Voir plusieurs fois une même pièce peut être très intéressant. Ici, c’était le cas. Car après l’avoir vu à Avignon, je m’étais demandée si, oui ou non, c’était de la totale impro … ça me paraissait impossible que la pièce n’ait pas été répétée. Pourtant, à présent, c’est plutôt mon avis. En fait, à présent, cela me semble évident que l’on a devant les yeux une improvisation quasi-totale (car les acteurs préparent tout de même un texte connu pour le travailler sur scène). Et c’est grâce à cela qu’on se rend compte du niveau, très élevé, des comédiens … et également de la qualité de la représentation. Les acteurs ont une excellente répartie et font à plusieurs reprises rire le public par quelques bons mots. Ils ne se coupent jamais la parole.

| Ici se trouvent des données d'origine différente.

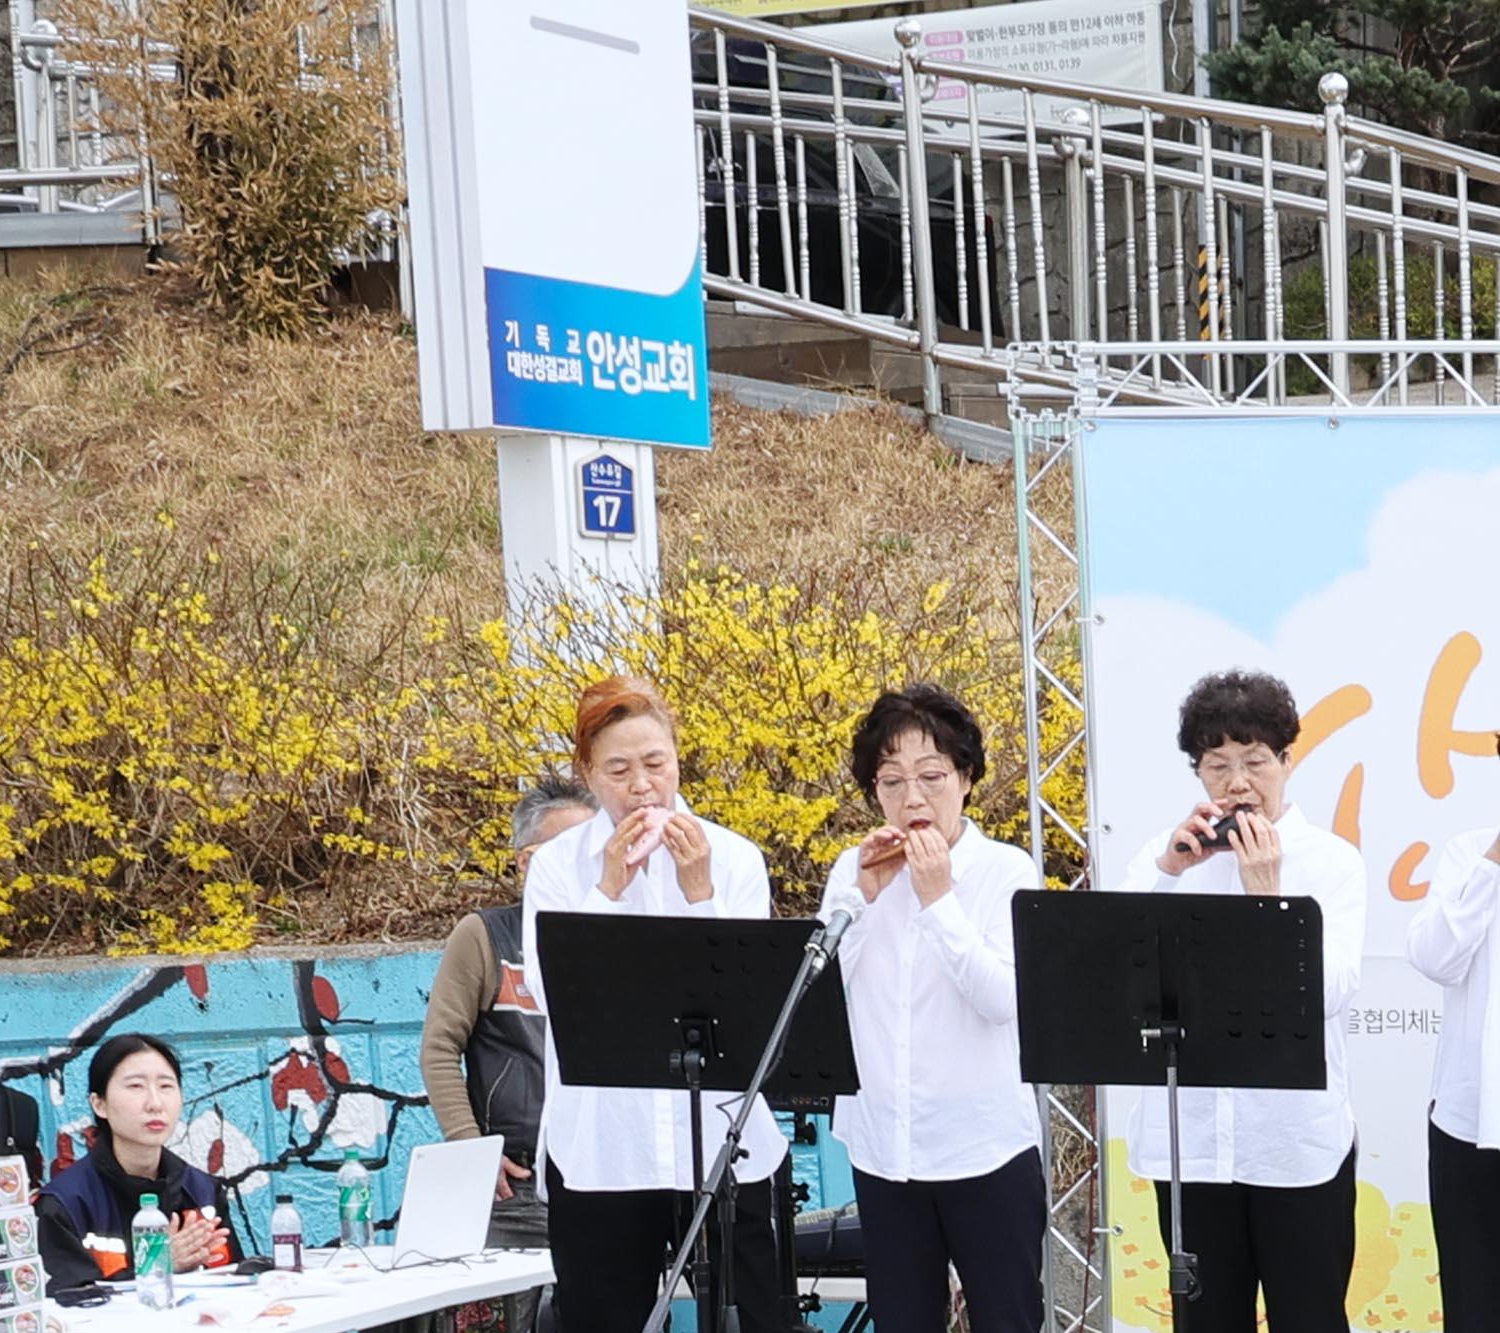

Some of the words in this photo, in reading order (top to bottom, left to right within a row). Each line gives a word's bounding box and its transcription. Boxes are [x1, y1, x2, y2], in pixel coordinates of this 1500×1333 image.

[507, 350, 584, 386] 대한성결교회
[585, 329, 697, 402] 안성교회
[592, 494, 623, 528] 17

Ils semblent toujours savoir où ils vont (lorsqu’ils miment par exemple) et ne connaissent le trou que lorsqu’ils présentent leur travail au metteur en scène (le trou est n’en paraît donc que plus réel ; c’est-à-dire que, s’ils avaient été à un « vrai » cours de théâtre, sans spectateurs, et qu’ils avaient eu un trou, il aurait eu lieu au même moment … Alors que s’ils avaient un trou lorsqu’ils parlent « normalement » (une discussion entre eux par exemple), c’est un peu invraisemblable dans ce qu’on pourrait appeler « le réel »).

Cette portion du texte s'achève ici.